How to eat your way to better health

Good health is something we take for granted when we have it. But it should aways be something you take care to protect. Find out how to east your way to better health.

When we enjoy good health, life is much better. We feel fit and full of energy, can think clearly and enjoy a consistent mood. But good health needs to be nurtured and protected, and while we may start out with good intentions, it’s easy to let bad habits take a hold.

The odd donut or vegetable-free meal won’t hurt us. But weeks of eating sweet pastries and avoiding meals with the nutrients our body needs will start to have an impact on our body.

In this article we look at two simple ways we can nurture our body and eat our way to better health.

Kick sugar to the curb

In recent years, it’s been recognised that consuming too much sugar is not good for you.

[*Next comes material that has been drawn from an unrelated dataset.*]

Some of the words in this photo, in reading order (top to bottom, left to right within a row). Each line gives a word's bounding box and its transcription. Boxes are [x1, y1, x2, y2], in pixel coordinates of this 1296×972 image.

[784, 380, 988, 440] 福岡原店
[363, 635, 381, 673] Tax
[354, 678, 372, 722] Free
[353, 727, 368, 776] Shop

It’s been named by experts as a major cause of obesity and several chronic diseases, such as type 2 diabetes. It can also lead to teeth cavities, mood swings, irritability and more.

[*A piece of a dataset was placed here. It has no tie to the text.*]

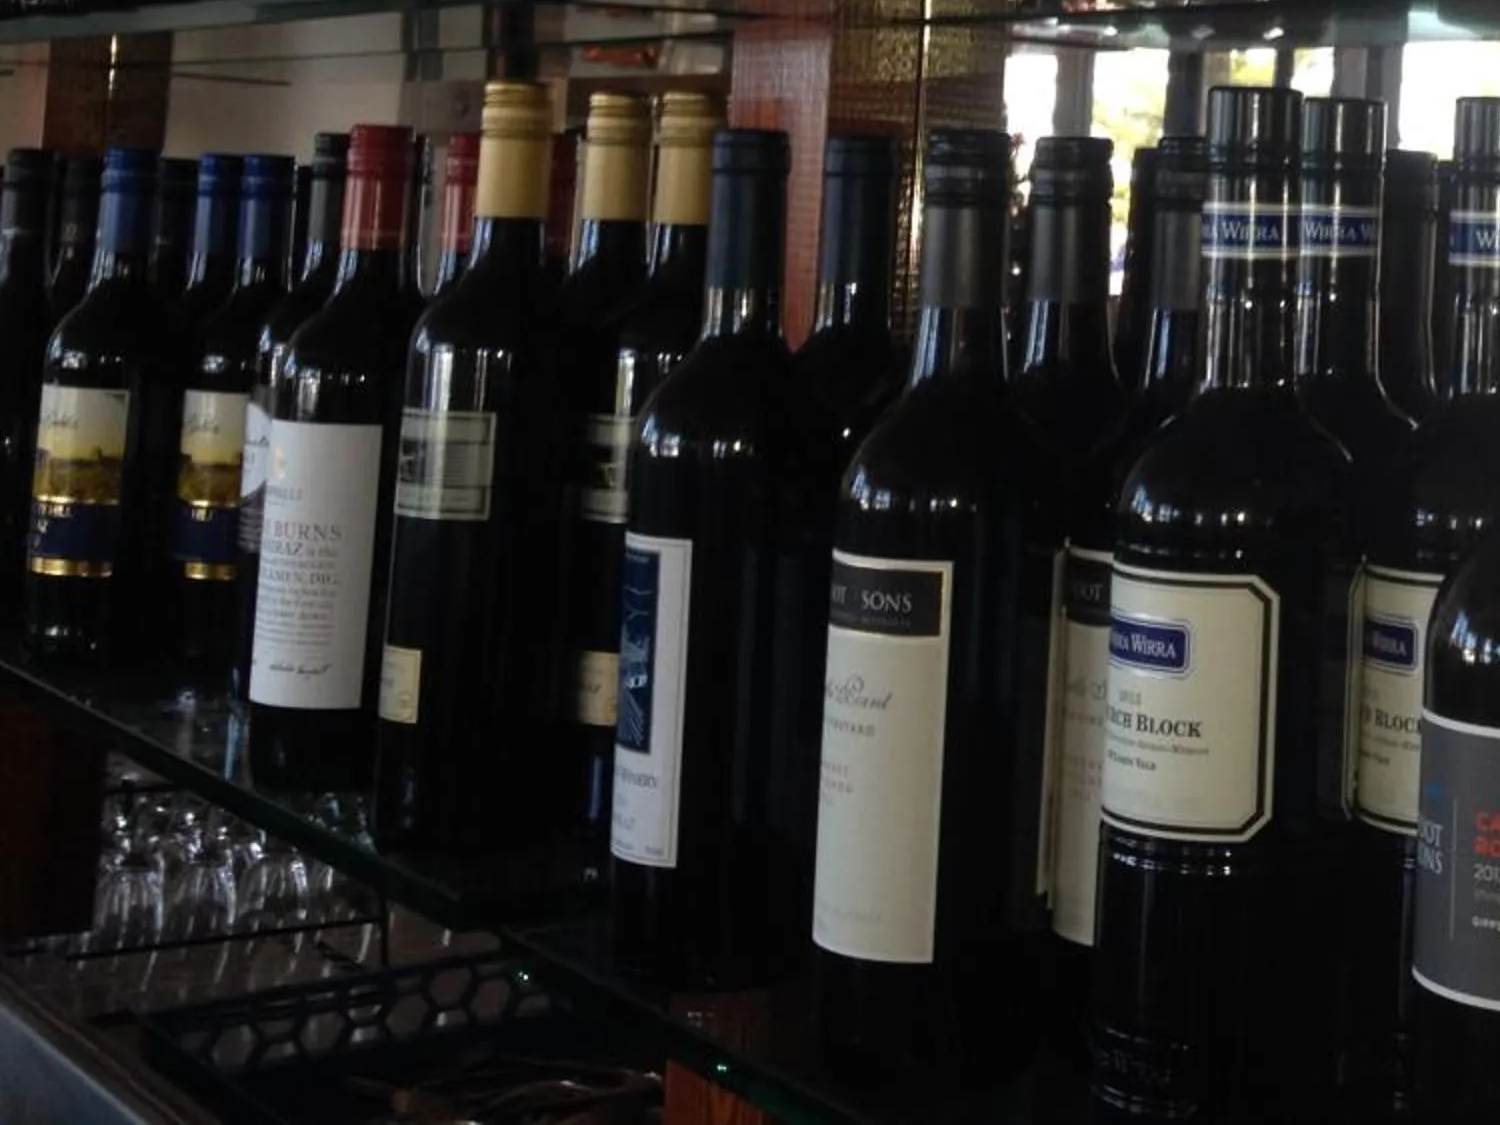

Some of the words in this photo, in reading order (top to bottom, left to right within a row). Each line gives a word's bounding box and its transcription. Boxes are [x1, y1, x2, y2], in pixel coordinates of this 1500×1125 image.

[861, 589, 913, 613] SONS
[1131, 633, 1177, 660] WIRRA
[1136, 712, 1203, 739] BLOCK

So reducing the amount of sugar in your diet can be a good way to take back control of your health. That said, sugar can be highly addictive and if you’re used to a high sugar diet you may find it difficult to give up at the start.

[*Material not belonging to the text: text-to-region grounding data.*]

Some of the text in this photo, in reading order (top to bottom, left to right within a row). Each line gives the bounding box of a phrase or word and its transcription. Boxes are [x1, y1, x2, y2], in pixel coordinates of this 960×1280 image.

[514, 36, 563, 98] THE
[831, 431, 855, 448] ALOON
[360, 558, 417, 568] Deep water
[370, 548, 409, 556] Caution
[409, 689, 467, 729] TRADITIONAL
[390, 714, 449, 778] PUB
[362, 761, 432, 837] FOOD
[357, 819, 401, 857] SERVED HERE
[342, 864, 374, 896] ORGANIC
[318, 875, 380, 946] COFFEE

As a first step, you need to be able to identify what foods and drinks contain sugar. Confusingly, it can be listed in several different ways on labels. Here are some names for sugar you may see:

  • Sucrose 
  • Glucose 
  • Fructose 
  • Maltose 
  • Fruit juice 
  • Molasses 
  • Hydrolysed starch 
  • Invert sugar 
  • Corn syrup 
  • Honey 

Food and drink that is high in sugar will have 22.5g or more of total sugar per 100g. And food or drink that is low in sugar will have 5g or less of total sugar per 100g.

One of the simplest ways to cut down on your sugar intake is to cook all your meals from scratch. Many prepared foods – even ‘healthy’ food like soup – contain surprisingly high levels of sugar. Condiments like ketchup and most breakfast cereals are best avoided too. It’s also wise to avoid fizzy drinks and even many fruit juices.

At first you’ll miss the taste of sugar, but after a while your taste buds will adapt and you’ll enjoy the taste of sugar-free food, and will notice improvements in how you feel, which can encourage you on.

Explore the world of vitamins and supplements

Sometimes, even when you make a conscious effort to eat a varied diet with lots of different food groups, you can still miss out on some of the most vital vitamins and minerals.

In the short term you may not notice any ill effects from not getting the right amount of nutrients in your diet, but in the long term deficiencies in vitamins and minerals can lead to serious health issues.

For example, low levels of magnesium can impact many of our body’s functions and increase our risk of common health problems and diseases including type 2 diabetes, osteoporosis, migraines, asthma, and colon cancer. And a deficiency in B6 can cause skin rashes, cracked lips, a weakened immune system and exhaustion. 

The best way to ensure you are getting all the nutrients you need is to eat a healthy, varied diet. But not everyone does this. And even then there are some nutrients you may miss out on. So if you’re worried, you can investigate which supplements may be helpful – from vitamin D tablets to peptides and more.

Just make sure you source your supplement’s from a legitimate supplier, and don’t fall for an MLM pitch and end up being persuaded to buy overpriced tablets you don’t need!